The Temporal Markov Transition Field
New method creates 2D images from time series data that preserve *when* patterns change, not just what they are.
Researcher Michael Leznik has introduced the Temporal Markov Transition Field (TMTF), a significant upgrade to a decade-old method for preparing time series data for AI analysis. The original Markov Transition Field (MTF), created by Wang and Oates in 2015, efficiently encodes a time series as a two-dimensional image by mapping transition probabilities between quantile states. However, it uses a single, global transition matrix, which averages all dynamics. This fails catastrophically for non-stationary processes—data where the underlying patterns change over time, like a stock market shifting from a bull to a bear regime. The MTF loses all information about *when* these changes happen, producing a misleading image.
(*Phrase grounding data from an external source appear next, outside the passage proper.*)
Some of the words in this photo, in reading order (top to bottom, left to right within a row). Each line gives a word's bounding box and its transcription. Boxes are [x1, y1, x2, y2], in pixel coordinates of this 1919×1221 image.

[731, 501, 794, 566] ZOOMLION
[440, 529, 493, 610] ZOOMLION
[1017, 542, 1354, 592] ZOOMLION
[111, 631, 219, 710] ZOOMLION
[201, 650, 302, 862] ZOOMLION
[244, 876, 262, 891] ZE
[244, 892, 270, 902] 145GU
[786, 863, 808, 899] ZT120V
Leznik's TMTF solves this by partitioning the time series into K contiguous chunks and estimating a separate, local transition matrix for each segment. The resulting T x T image contains K horizontal bands of distinct texture, each encoding the dynamics (like persistence, mean reversion, or trending) of its specific time period. This amplitude-agnostic, order-preserving representation is tailor-made as an input channel for convolutional neural networks (CNNs), allowing them to visually identify not just what patterns exist, but crucially, their temporal sequence. The paper formally defines the method, analyzes its bias-variance trade-off, and provides a concrete numerical example showing its superiority for characterizing complex, evolving time series data common in finance, IoT, and climate science.
- Fixes a key flaw in the 2015 Markov Transition Field (MTF) by preserving temporal regime changes, not averaging them.
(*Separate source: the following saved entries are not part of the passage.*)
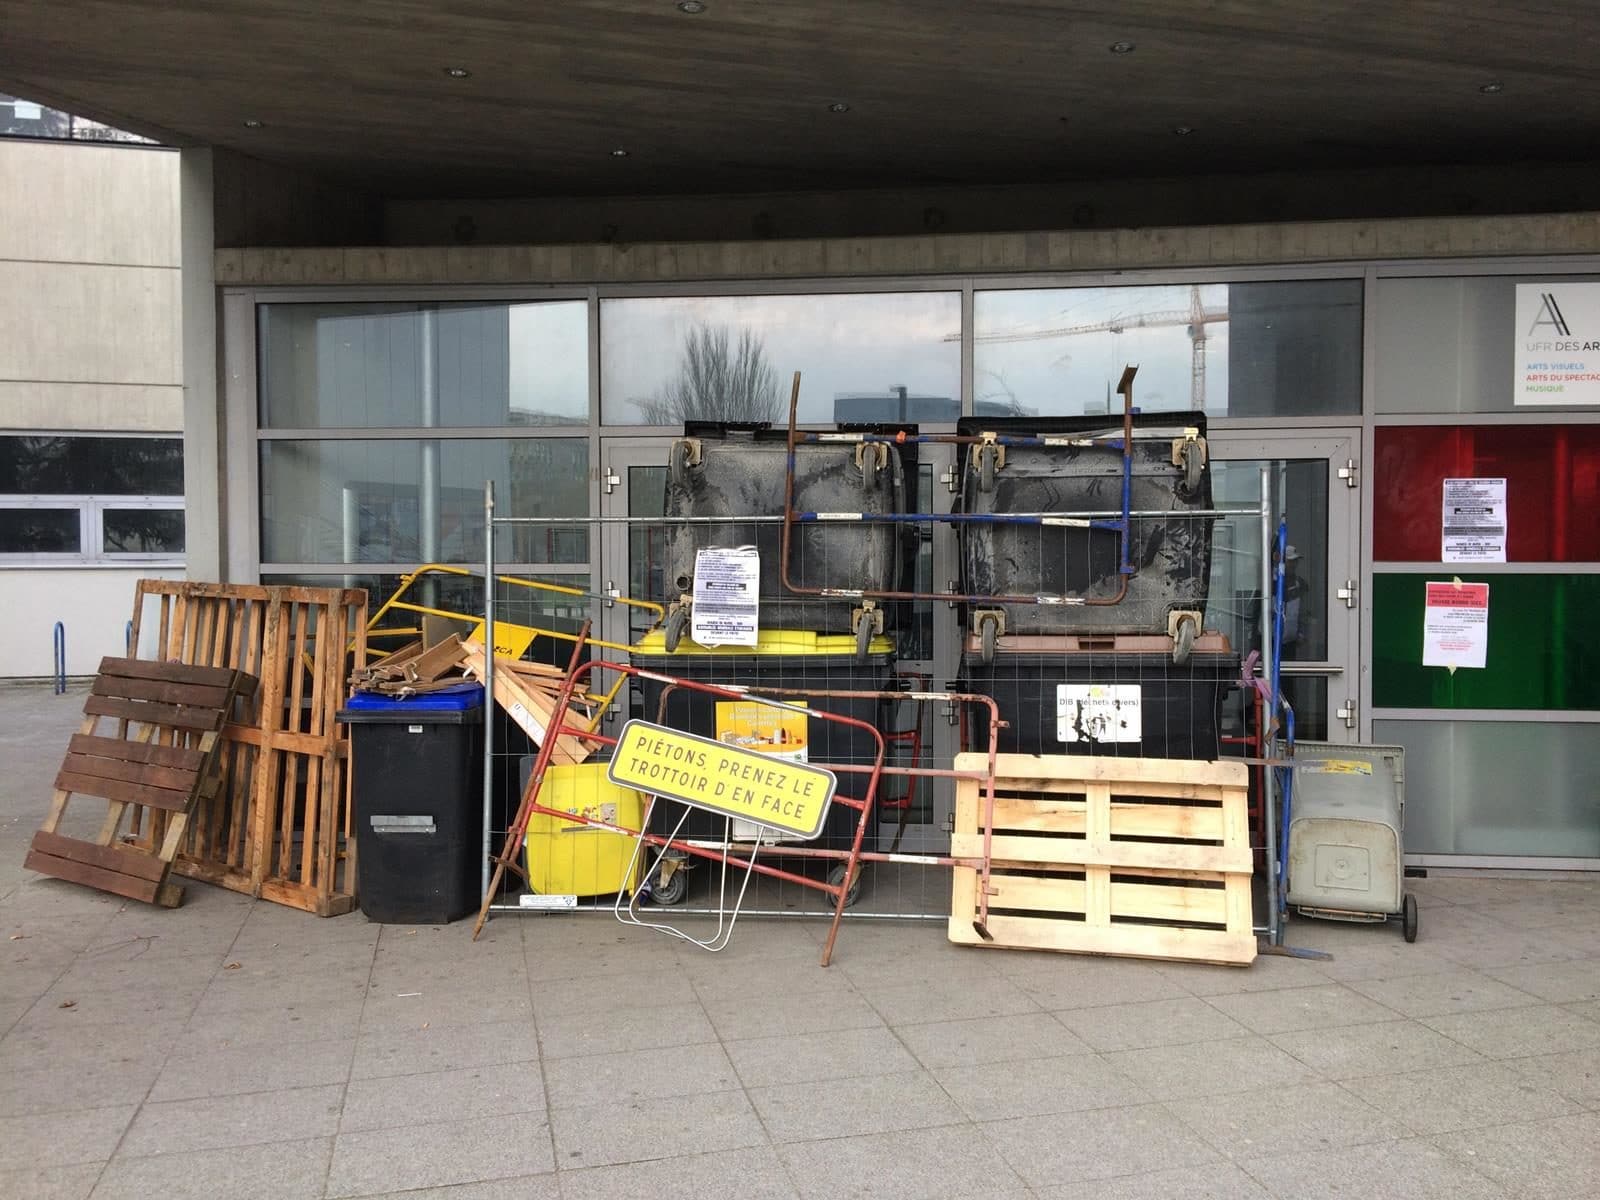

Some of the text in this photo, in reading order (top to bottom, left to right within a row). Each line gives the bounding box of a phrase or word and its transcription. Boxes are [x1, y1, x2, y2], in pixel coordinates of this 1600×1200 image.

[1526, 342, 1552, 352] UFR
[1555, 341, 1580, 352] DES
[1526, 374, 1548, 382] ARTS
[1550, 374, 1563, 382] DU
[630, 758, 708, 792] TROTTOIR
[761, 795, 805, 819] FACE
[719, 759, 786, 789] PRENEZ
[793, 779, 814, 797] LE
- Partitions data into K chunks to create local transition matrices, resulting in 2D images with distinct horizontal texture bands.
- Enables convolutional neural networks (CNNs) to visually analyze when specific dynamics like mean reversion occur in non-stationary time series.
Why It Matters
Enables more accurate AI analysis of real-world data where patterns change, like financial markets, sensor streams, and climate data.